EXERCISE AIM
The entries below should appear again in your reply, word for word.

###

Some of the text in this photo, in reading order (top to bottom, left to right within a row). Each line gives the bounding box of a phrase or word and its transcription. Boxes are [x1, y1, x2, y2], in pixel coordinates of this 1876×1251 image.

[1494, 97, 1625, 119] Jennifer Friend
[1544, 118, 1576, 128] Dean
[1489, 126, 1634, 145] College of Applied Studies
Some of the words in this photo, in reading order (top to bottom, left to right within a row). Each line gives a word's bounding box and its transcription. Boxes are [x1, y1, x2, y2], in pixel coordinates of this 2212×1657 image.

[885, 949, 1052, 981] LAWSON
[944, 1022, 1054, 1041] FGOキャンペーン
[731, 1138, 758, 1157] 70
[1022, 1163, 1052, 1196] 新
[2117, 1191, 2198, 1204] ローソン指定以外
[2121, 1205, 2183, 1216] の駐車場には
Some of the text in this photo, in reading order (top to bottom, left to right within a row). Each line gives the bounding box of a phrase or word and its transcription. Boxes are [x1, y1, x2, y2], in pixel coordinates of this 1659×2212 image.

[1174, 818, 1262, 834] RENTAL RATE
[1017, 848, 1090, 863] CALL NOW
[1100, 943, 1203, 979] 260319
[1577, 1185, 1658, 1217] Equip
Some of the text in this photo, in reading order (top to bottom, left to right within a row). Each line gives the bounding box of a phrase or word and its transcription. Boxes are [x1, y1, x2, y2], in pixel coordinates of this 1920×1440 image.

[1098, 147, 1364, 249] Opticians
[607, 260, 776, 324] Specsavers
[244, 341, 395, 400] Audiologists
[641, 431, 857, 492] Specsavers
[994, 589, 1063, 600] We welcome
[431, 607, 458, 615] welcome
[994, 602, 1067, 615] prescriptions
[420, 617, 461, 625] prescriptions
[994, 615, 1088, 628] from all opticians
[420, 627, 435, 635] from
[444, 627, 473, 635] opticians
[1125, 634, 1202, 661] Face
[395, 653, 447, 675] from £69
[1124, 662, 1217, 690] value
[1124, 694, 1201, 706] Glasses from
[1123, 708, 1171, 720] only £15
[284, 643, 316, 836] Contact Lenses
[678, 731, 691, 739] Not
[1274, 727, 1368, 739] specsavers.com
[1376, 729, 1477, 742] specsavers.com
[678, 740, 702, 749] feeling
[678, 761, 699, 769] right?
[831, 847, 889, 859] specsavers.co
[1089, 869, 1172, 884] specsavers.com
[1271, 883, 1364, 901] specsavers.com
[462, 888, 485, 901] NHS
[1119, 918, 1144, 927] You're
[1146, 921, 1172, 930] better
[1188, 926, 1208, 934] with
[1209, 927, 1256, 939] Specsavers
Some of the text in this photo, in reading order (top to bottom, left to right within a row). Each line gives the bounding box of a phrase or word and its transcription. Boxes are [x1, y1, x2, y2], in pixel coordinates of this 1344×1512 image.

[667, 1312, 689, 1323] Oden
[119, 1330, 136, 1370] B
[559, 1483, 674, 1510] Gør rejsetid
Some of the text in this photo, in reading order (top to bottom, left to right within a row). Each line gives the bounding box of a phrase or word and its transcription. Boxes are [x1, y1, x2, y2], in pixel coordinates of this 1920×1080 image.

###

THE ANSWER
Some of the text in this photo, in reading order (top to bottom, left to right within a row). Each line gives the bounding box of a phrase or word and its transcription. Boxes are [x1, y1, x2, y2], in pixel coordinates of this 1876×1251 image.

[1494, 97, 1625, 119] Jennifer Friend
[1544, 118, 1576, 128] Dean
[1489, 126, 1634, 145] College of Applied Studies
Some of the words in this photo, in reading order (top to bottom, left to right within a row). Each line gives a word's bounding box and its transcription. Boxes are [x1, y1, x2, y2], in pixel coordinates of this 2212×1657 image.

[885, 949, 1052, 981] LAWSON
[944, 1022, 1054, 1041] FGOキャンペーン
[731, 1138, 758, 1157] 70
[1022, 1163, 1052, 1196] 新
[2117, 1191, 2198, 1204] ローソン指定以外
[2121, 1205, 2183, 1216] の駐車場には
Some of the text in this photo, in reading order (top to bottom, left to right within a row). Each line gives the bounding box of a phrase or word and its transcription. Boxes are [x1, y1, x2, y2], in pixel coordinates of this 1659×2212 image.

[1174, 818, 1262, 834] RENTAL RATE
[1017, 848, 1090, 863] CALL NOW
[1100, 943, 1203, 979] 260319
[1577, 1185, 1658, 1217] Equip
Some of the text in this photo, in reading order (top to bottom, left to right within a row). Each line gives the bounding box of a phrase or word and its transcription. Boxes are [x1, y1, x2, y2], in pixel coordinates of this 1920×1440 image.

[1098, 147, 1364, 249] Opticians
[607, 260, 776, 324] Specsavers
[244, 341, 395, 400] Audiologists
[641, 431, 857, 492] Specsavers
[994, 589, 1063, 600] We welcome
[431, 607, 458, 615] welcome
[994, 602, 1067, 615] prescriptions
[420, 617, 461, 625] prescriptions
[994, 615, 1088, 628] from all opticians
[420, 627, 435, 635] from
[444, 627, 473, 635] opticians
[1125, 634, 1202, 661] Face
[395, 653, 447, 675] from £69
[1124, 662, 1217, 690] value
[1124, 694, 1201, 706] Glasses from
[1123, 708, 1171, 720] only £15
[284, 643, 316, 836] Contact Lenses
[678, 731, 691, 739] Not
[1274, 727, 1368, 739] specsavers.com
[1376, 729, 1477, 742] specsavers.com
[678, 740, 702, 749] feeling
[678, 761, 699, 769] right?
[831, 847, 889, 859] specsavers.co
[1089, 869, 1172, 884] specsavers.com
[1271, 883, 1364, 901] specsavers.com
[462, 888, 485, 901] NHS
[1119, 918, 1144, 927] You're
[1146, 921, 1172, 930] better
[1188, 926, 1208, 934] with
[1209, 927, 1256, 939] Specsavers
Some of the text in this photo, in reading order (top to bottom, left to right within a row). Each line gives the bounding box of a phrase or word and its transcription. Boxes are [x1, y1, x2, y2], in pixel coordinates of this 1344×1512 image.

[667, 1312, 689, 1323] Oden
[119, 1330, 136, 1370] B
[559, 1483, 674, 1510] Gør rejsetid
Some of the text in this photo, in reading order (top to bottom, left to right within a row). Each line gives the bounding box of a phrase or word and its transcription. Boxes are [x1, y1, x2, y2], in pixel coordinates of this 1920×1080 image.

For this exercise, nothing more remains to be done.